Data for this exercise »
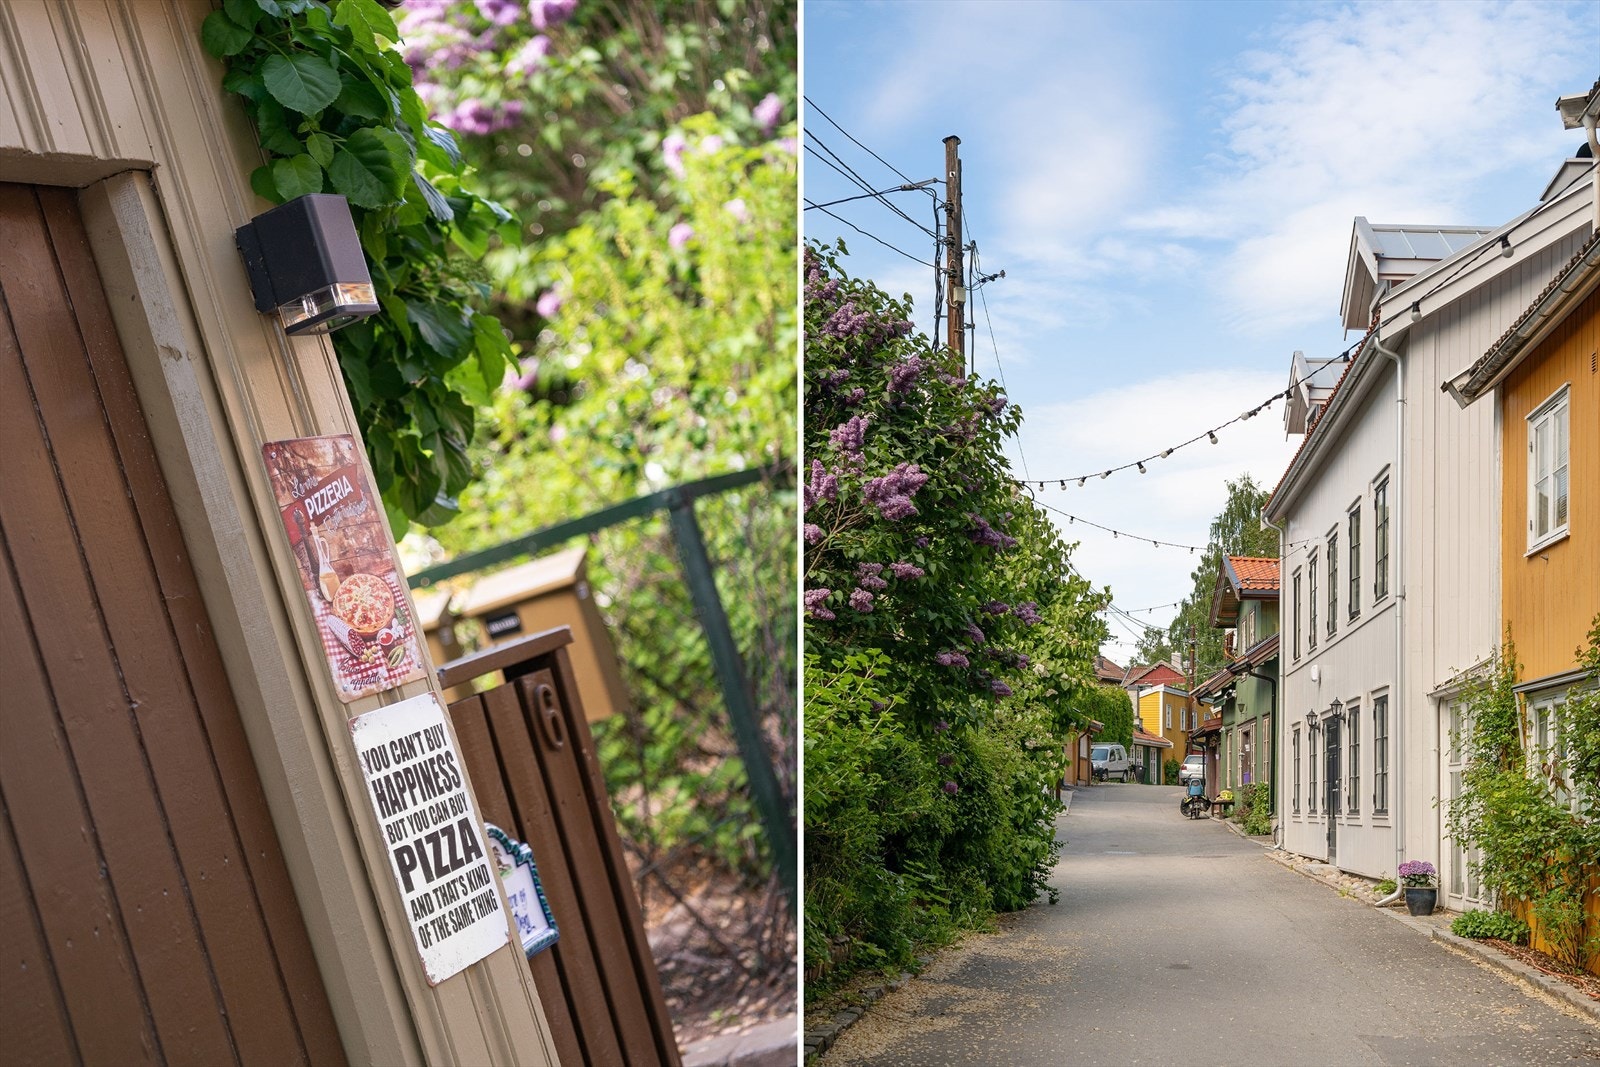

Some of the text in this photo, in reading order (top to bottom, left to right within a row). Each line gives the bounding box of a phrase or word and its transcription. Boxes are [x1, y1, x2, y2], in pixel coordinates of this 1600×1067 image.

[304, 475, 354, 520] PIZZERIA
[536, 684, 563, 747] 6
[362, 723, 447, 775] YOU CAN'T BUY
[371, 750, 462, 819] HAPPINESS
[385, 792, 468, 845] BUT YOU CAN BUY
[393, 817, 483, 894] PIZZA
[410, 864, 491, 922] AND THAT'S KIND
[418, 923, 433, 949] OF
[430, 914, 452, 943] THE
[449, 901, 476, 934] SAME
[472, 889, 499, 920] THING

Problem to solve » Using the data above, print every line exactly, omitting pictures.

Your solution »
Some of the text in this photo, in reading order (top to bottom, left to right within a row). Each line gives the bounding box of a phrase or word and its transcription. Boxes are [x1, y1, x2, y2], in pixel coordinates of this 1600×1067 image.

[304, 475, 354, 520] PIZZERIA
[536, 684, 563, 747] 6
[362, 723, 447, 775] YOU CAN'T BUY
[371, 750, 462, 819] HAPPINESS
[385, 792, 468, 845] BUT YOU CAN BUY
[393, 817, 483, 894] PIZZA
[410, 864, 491, 922] AND THAT'S KIND
[418, 923, 433, 949] OF
[430, 914, 452, 943] THE
[449, 901, 476, 934] SAME
[472, 889, 499, 920] THING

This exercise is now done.